** Records to process follows **
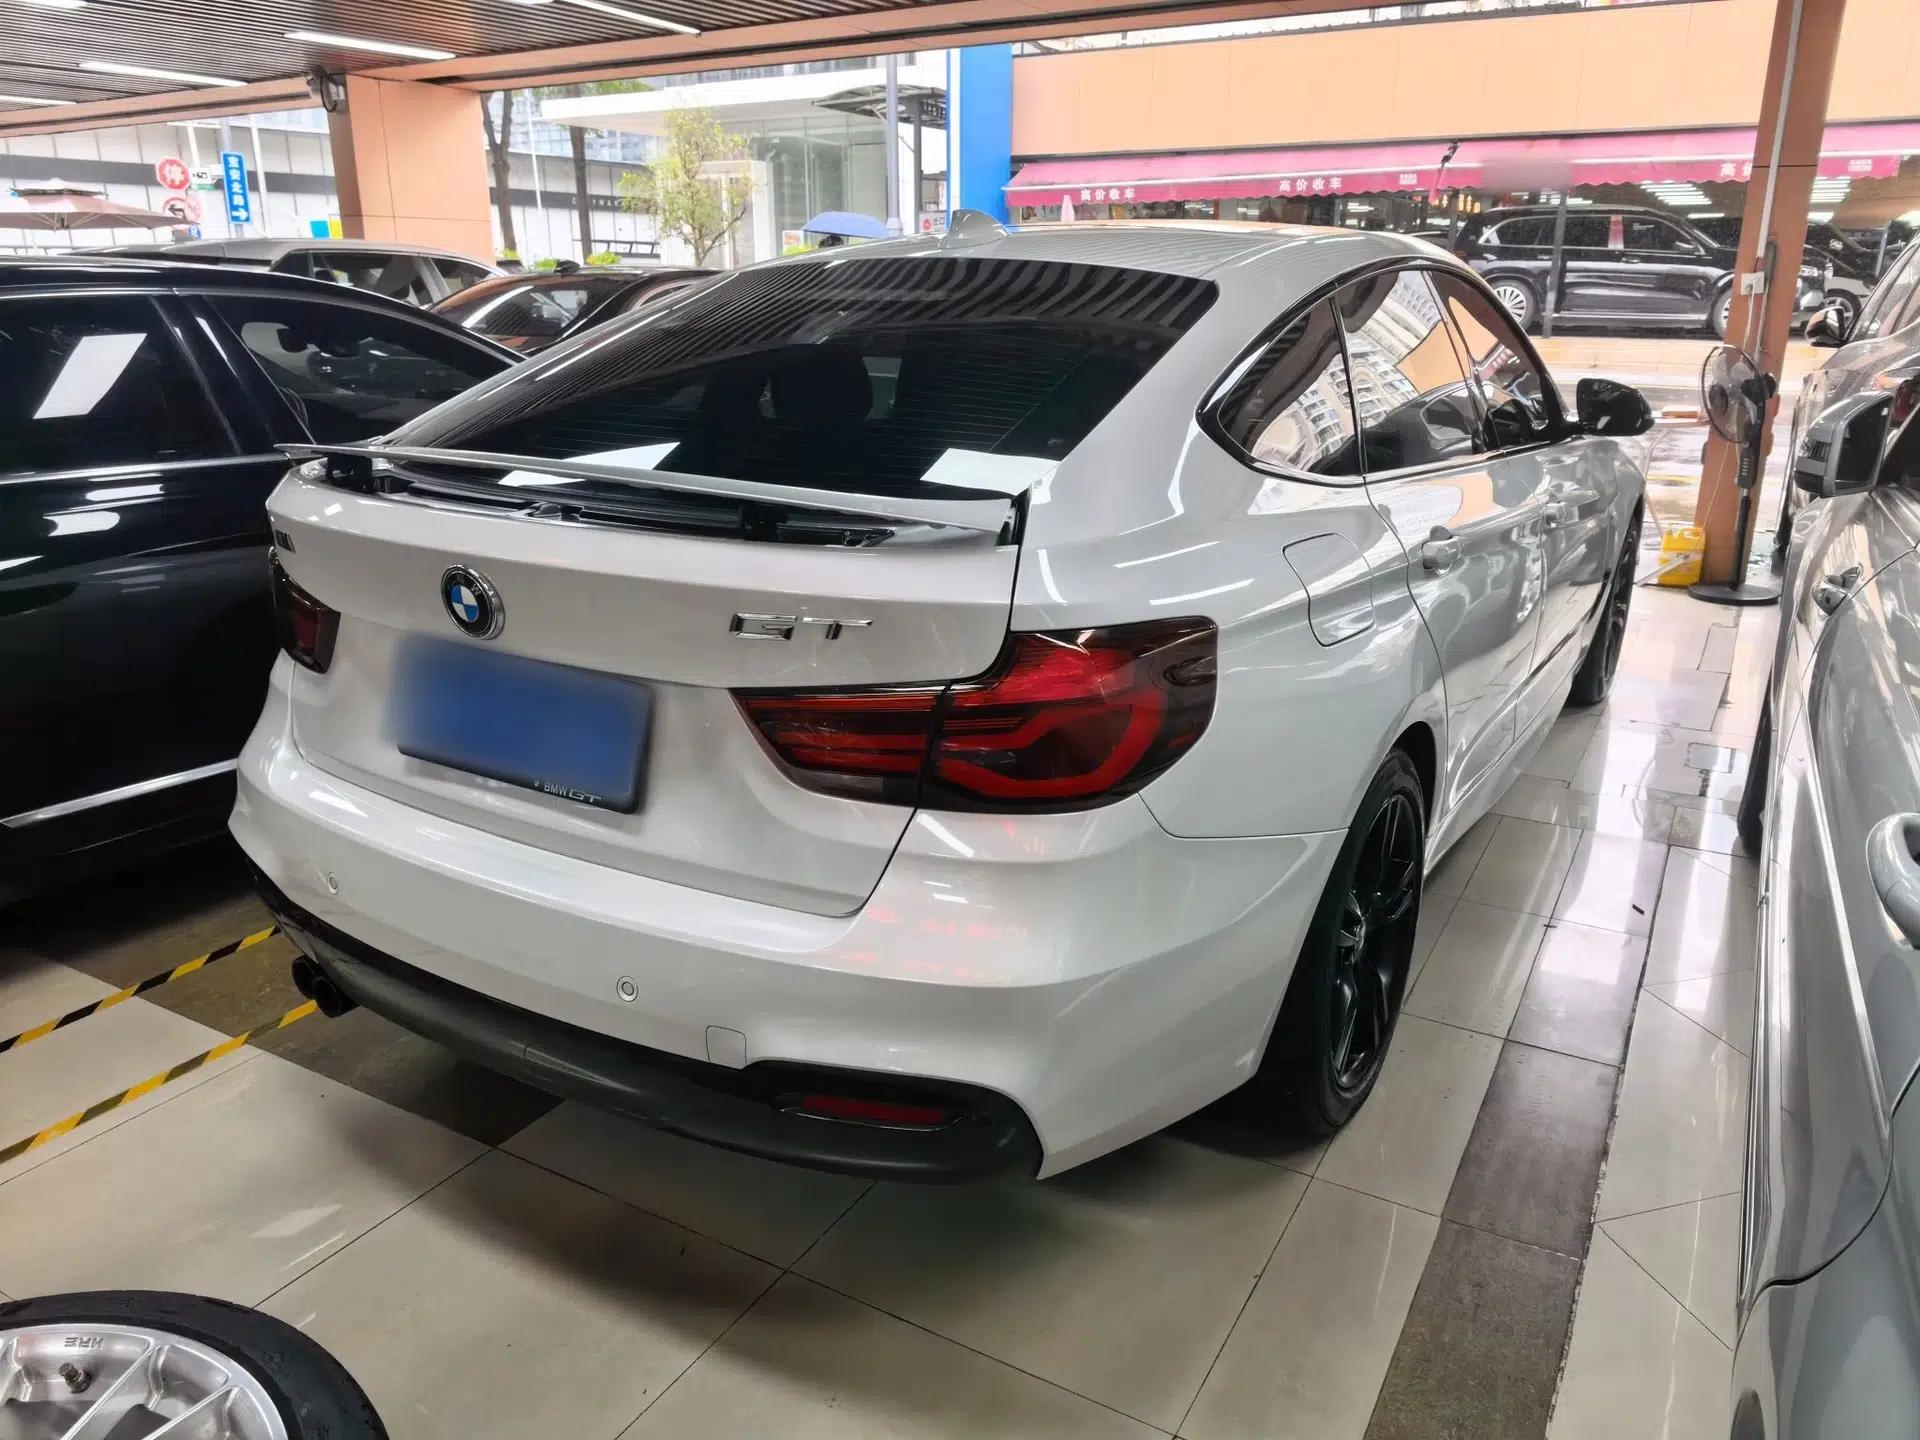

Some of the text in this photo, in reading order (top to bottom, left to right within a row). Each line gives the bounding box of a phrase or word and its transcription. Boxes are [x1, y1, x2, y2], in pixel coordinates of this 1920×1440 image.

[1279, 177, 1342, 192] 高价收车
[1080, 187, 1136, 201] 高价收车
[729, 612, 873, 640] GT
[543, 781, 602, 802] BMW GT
** End of Records to process **
_Directions for this task_
Every line of the data should be transcribed exactly. Omit the images.

_Output below_
Some of the text in this photo, in reading order (top to bottom, left to right within a row). Each line gives the bounding box of a phrase or word and its transcription. Boxes are [x1, y1, x2, y2], in pixel coordinates of this 1920×1440 image.

[1279, 177, 1342, 192] 高价收车
[1080, 187, 1136, 201] 高价收车
[729, 612, 873, 640] GT
[543, 781, 602, 802] BMW GT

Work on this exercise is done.